Award-winning Kuato Studios blending edtech and gaming

CEO Mark Horneff tells Technology Magazine about the Marvel partnership and his passion for edtech

Founded in 2011, Kuato Studios is an award-winning, independent gaming studio dedicated to perfecting the balance between gameplay and embedded learning. Kuato’s mission is to empower children and parents with education-based games that help children to learn within the environments they normally associate with entertainment.

As the CEO of Kuato Studios, Mark Horneff has brought some major names into the business including a groundbreaking partnership with Marvel. He discusses his past and the requirements of his current role, how the business was formed and some exciting new investments that have taken them to the next level. 


Can you tell us about your responsibilities at Kuato?

“My role broadly consists of driving the business forward to achieve further scale and evolve alongside the marketplace. This includes everything from raising investment through to generating new gameplay concepts that will support children’s learning and, as a result, how parents can engage with their education.”


What were some career highlights before your current role?

“I set up a company called Cybertek Academy, which eventually became Area 51, with a friend while still studying at university. The focus was on special educational needs within gaming, which was inspired by my own experiences of growing up as an avid gamer with dyslexia. Together we worked with SEN children and played through the likes of SimCity and Theme Park to understand how the game mechanics could be adapted and share the analyses with developers. That was a very rewarding time, as I found it very easy to relate with those students and their learning experiences.”


How do you see your role evolving over time?

“I entered Kuato as the Studio Head, eventually transitioning to MD and then CEO, so my role has evolved naturally as the job titles have changed. I expect my duties will only continue to adapt as the business grows, which is a natural progression of scaling up. This may eventually mean building out the C-suite to free up my time for more growth-focused activities. But as a hardcore gamer at heart, I’ll always be available for gameplay discussions and new concepts.”


What initially drew you to work for the business?

“From Area 51, I worked at Sega and explored IP including Sonic, while I got hands on with Call of Duty and oversaw PlayStation Home at Sony. Kuato appealed to me because it presented the opportunity to revisit the learning element of gaming that I worked on at university while combining the entertainment aspect from Sega and Sony to create an entirely new gameplay model.”


Can you highlight a couple of achievements you’re most proud of since you joined?

“The first would have to be securing a partnership with Marvel, which brought about the creation of our Marvel Hero Tales game. Growing up with dyslexia, reading was incredibly difficult for me, so I struggled to become interested in it until I discovered comics. It was Spider-Man that I especially enjoyed reading, so it feels as though I’ve personally come full circle to help other children interact with him through a new way that still supports learning.

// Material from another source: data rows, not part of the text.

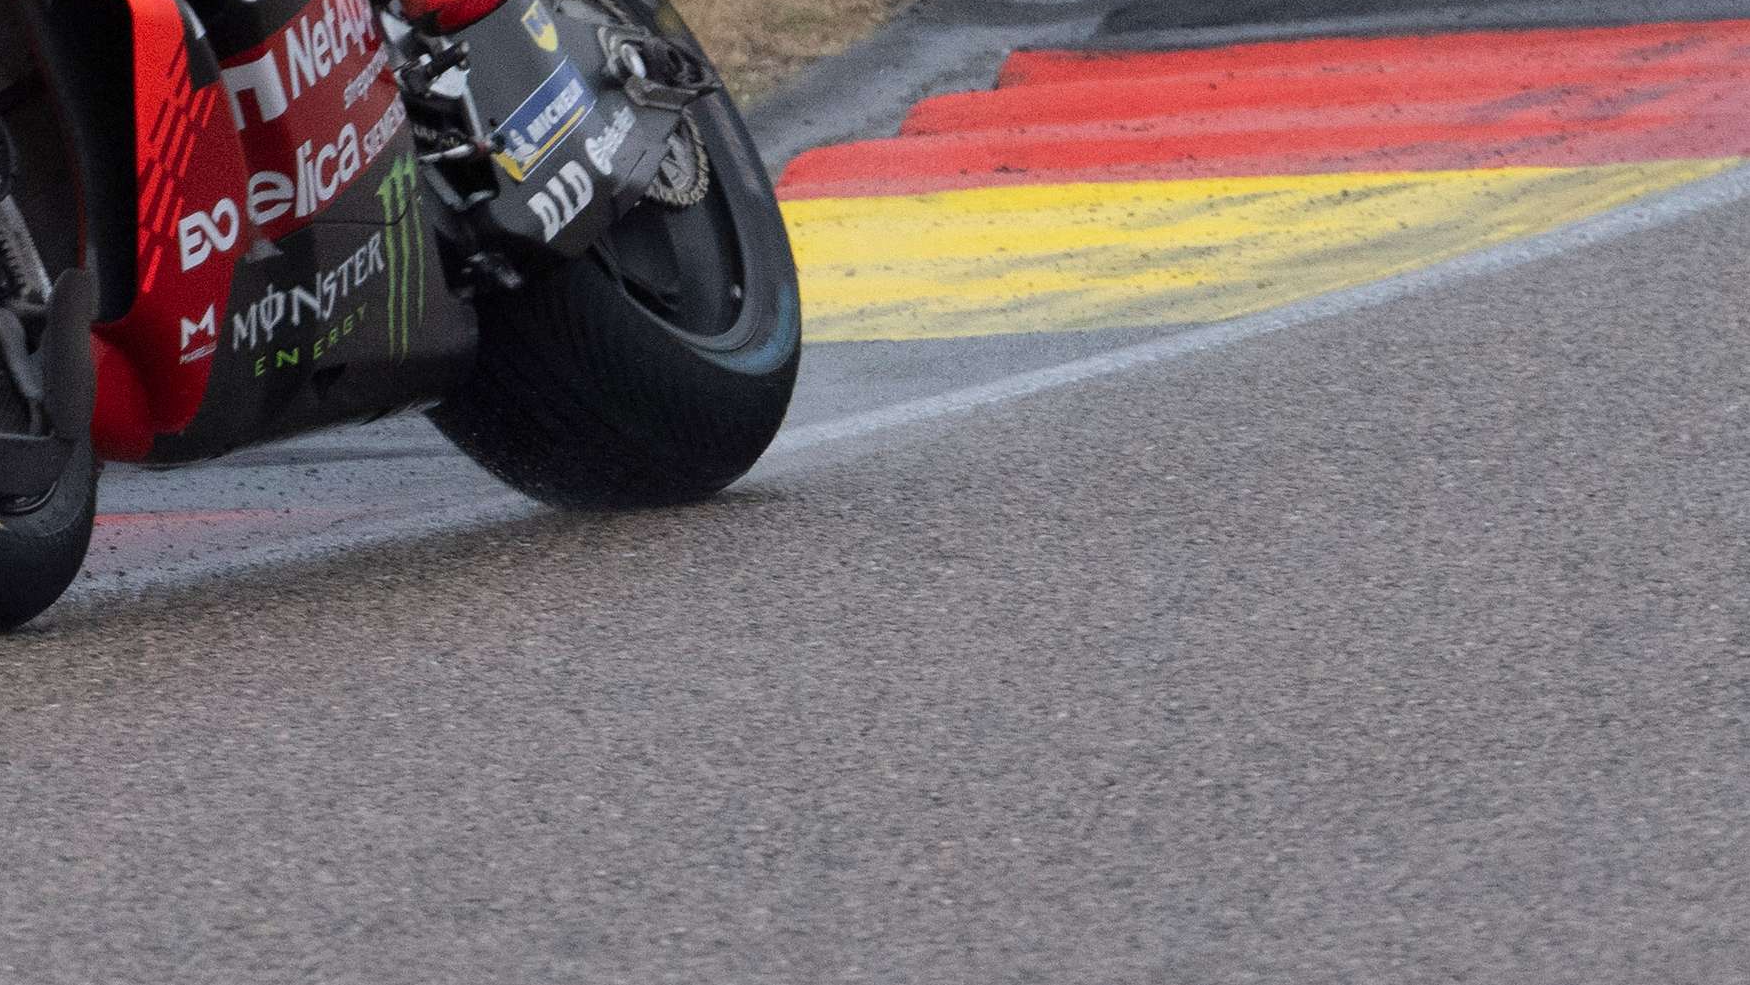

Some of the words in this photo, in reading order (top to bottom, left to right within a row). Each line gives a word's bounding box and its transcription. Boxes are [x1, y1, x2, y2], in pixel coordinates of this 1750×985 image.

[246, 123, 362, 227] elica
[527, 160, 593, 243] DID
[232, 230, 387, 352] MONSTER
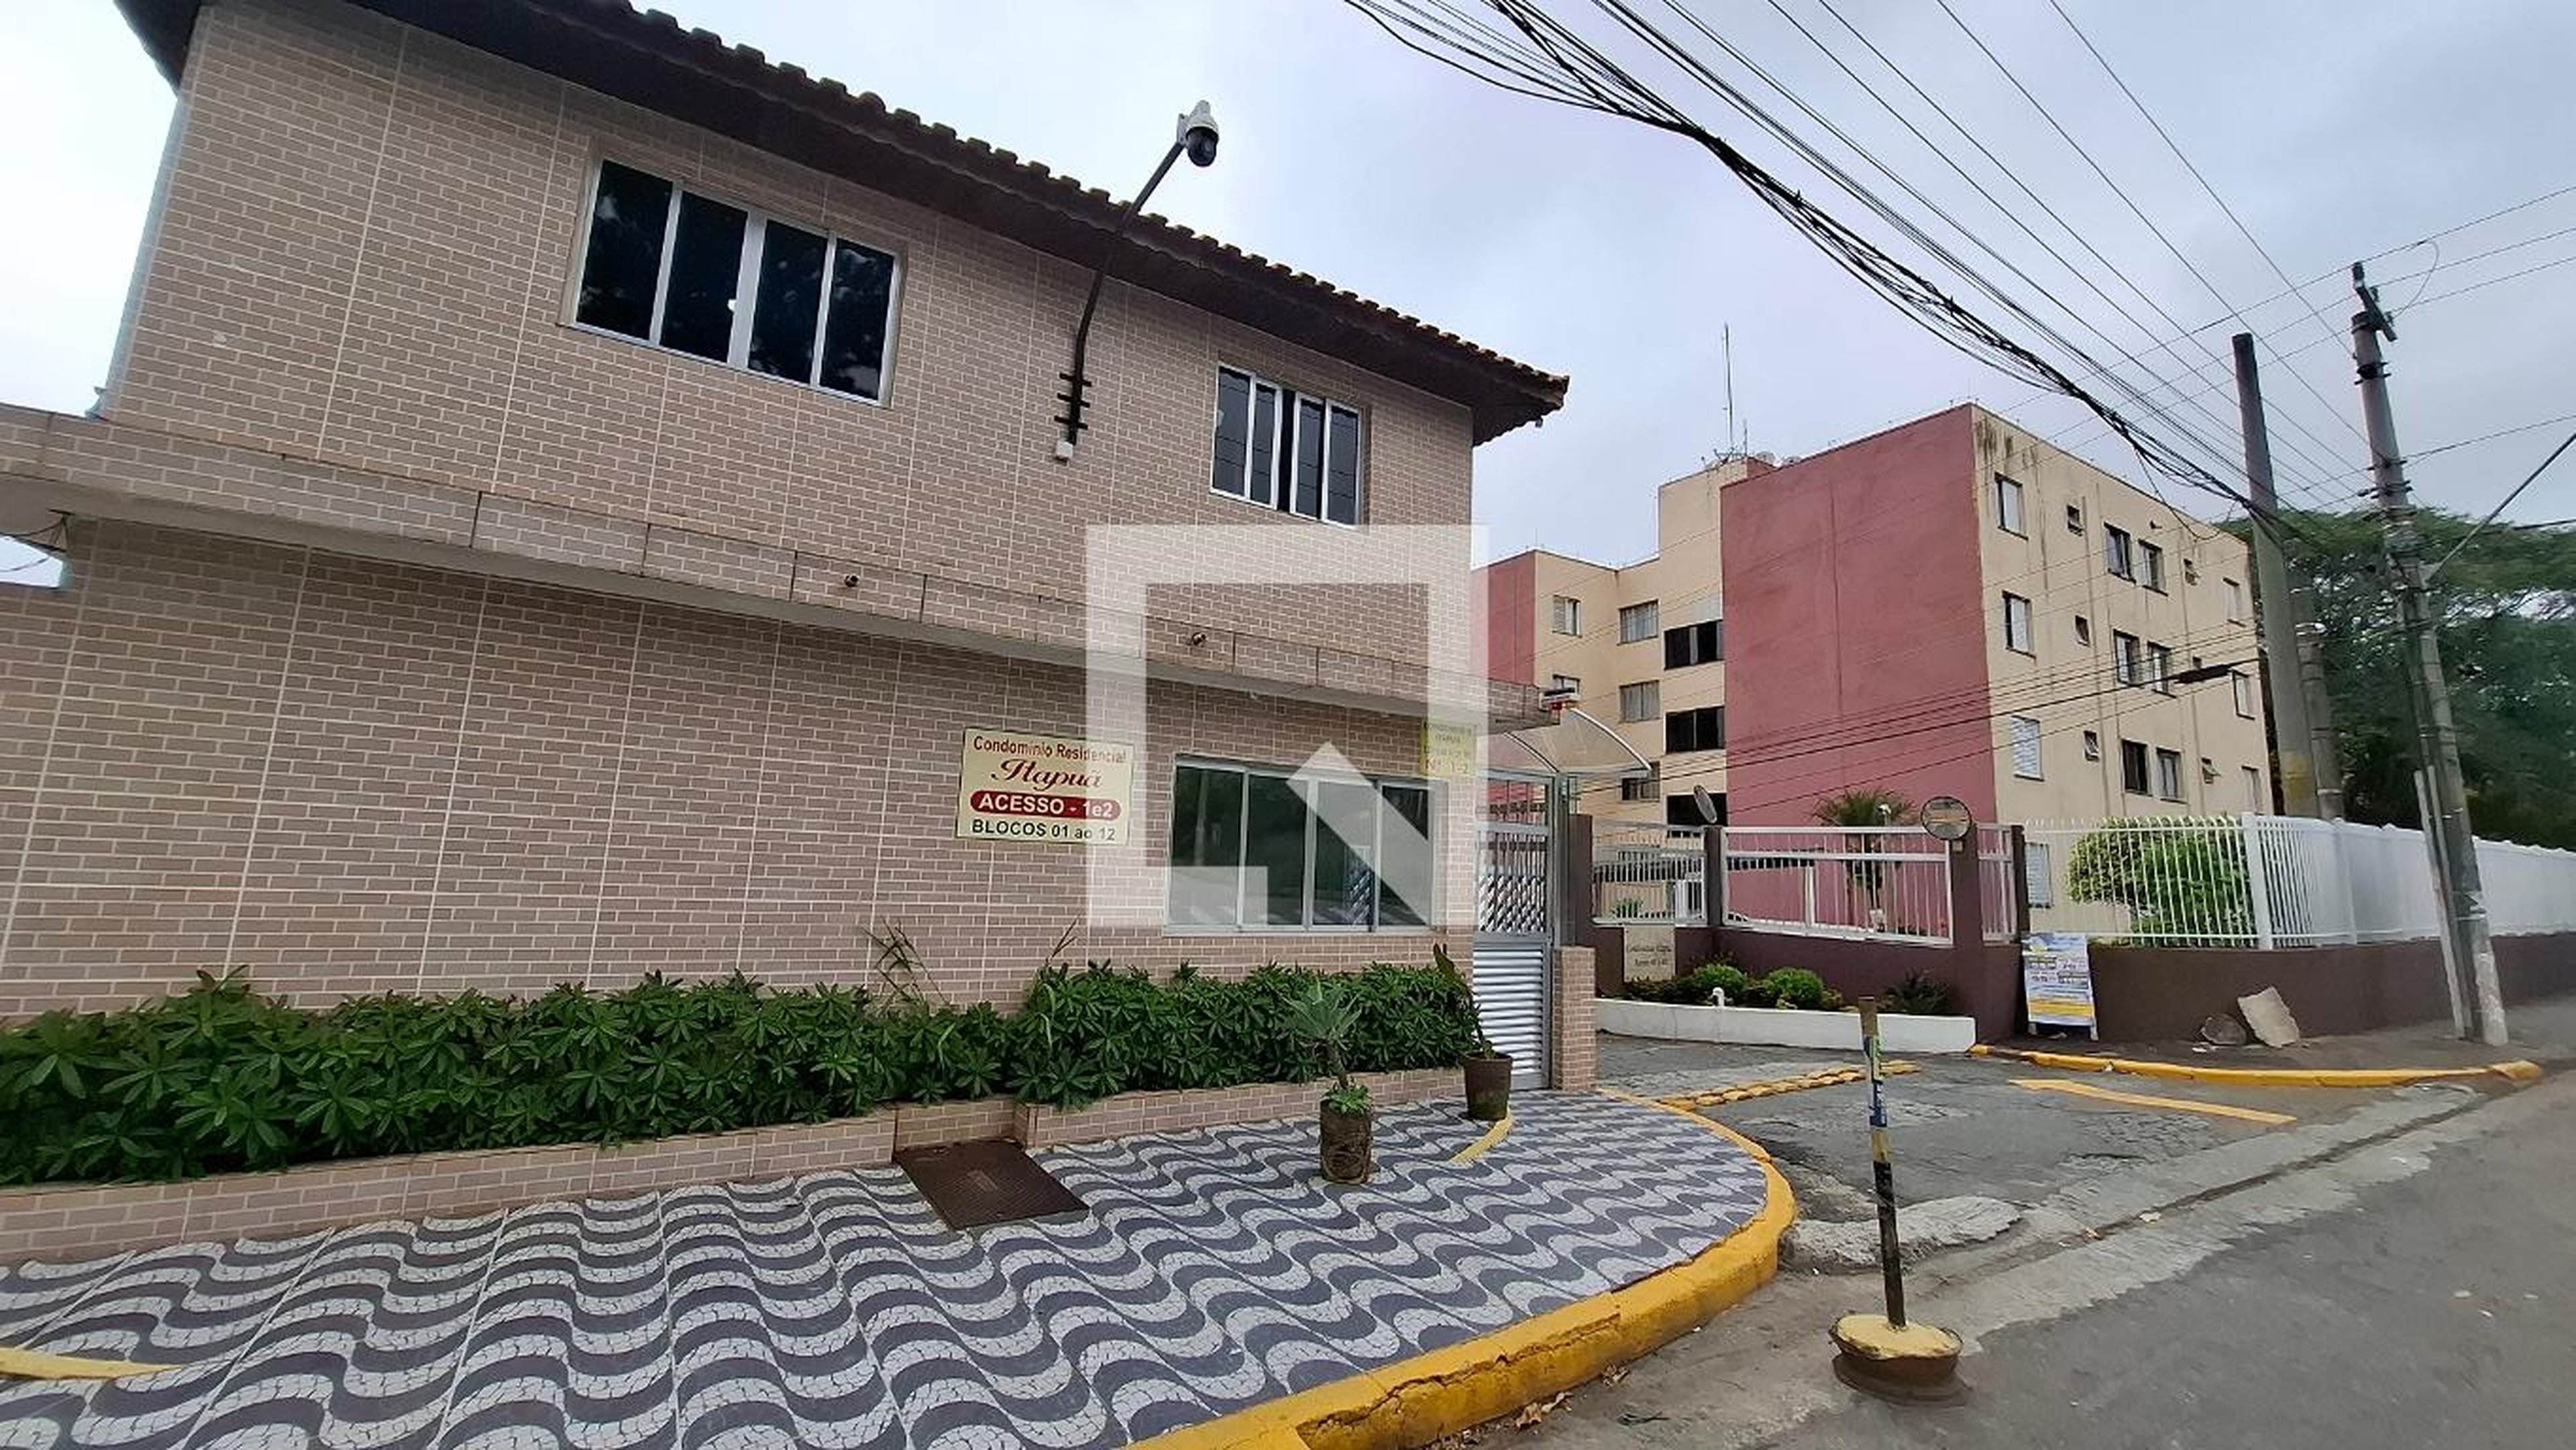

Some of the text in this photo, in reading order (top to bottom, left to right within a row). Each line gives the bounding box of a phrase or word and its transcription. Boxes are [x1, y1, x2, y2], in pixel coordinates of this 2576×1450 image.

[1057, 744, 1126, 763] Residencial
[979, 793, 1064, 814] ACESSO
[972, 819, 1116, 840] BLOCOS 01 ao 12

The other would be securing our £4.5m investment led by Horizons Ventures at the start of 2021. This coincided with our launch into virtual reality and the birth of the Actor/Director platform, which allows gamers to interact and engage in a shared online space – something inspired by my own interactions with my daughter while she used VR for learning. It also felt like a momentous occasion because it was during the pandemic at a time when learning was undergoing continual shifts, so the investment was validation that there’s other ways that children can learn to complement textbooks.”


What trends are you seeing in the industry right now that are having the most impact

“We conducted a year-end survey of 1,000 parents and 600 teachers in the UK and US. The top two challenges in both the UK and US cited by teachers were meeting the individual needs of each child and being overwhelmed by the situation over the past 18 months. This is most likely due to a combination of factors including a gap in technical skills, access to tools and not having the curriculum properly adapted to a digital environment – inside and outside the classroom. Edtech use is only going to increase and so over the course of 2022, we expect the government and educational bodies to support training opportunities for teachers to improve. This will allow them to familiarise themselves with new and innovative technologies that help children learn better, faster and more effectively.”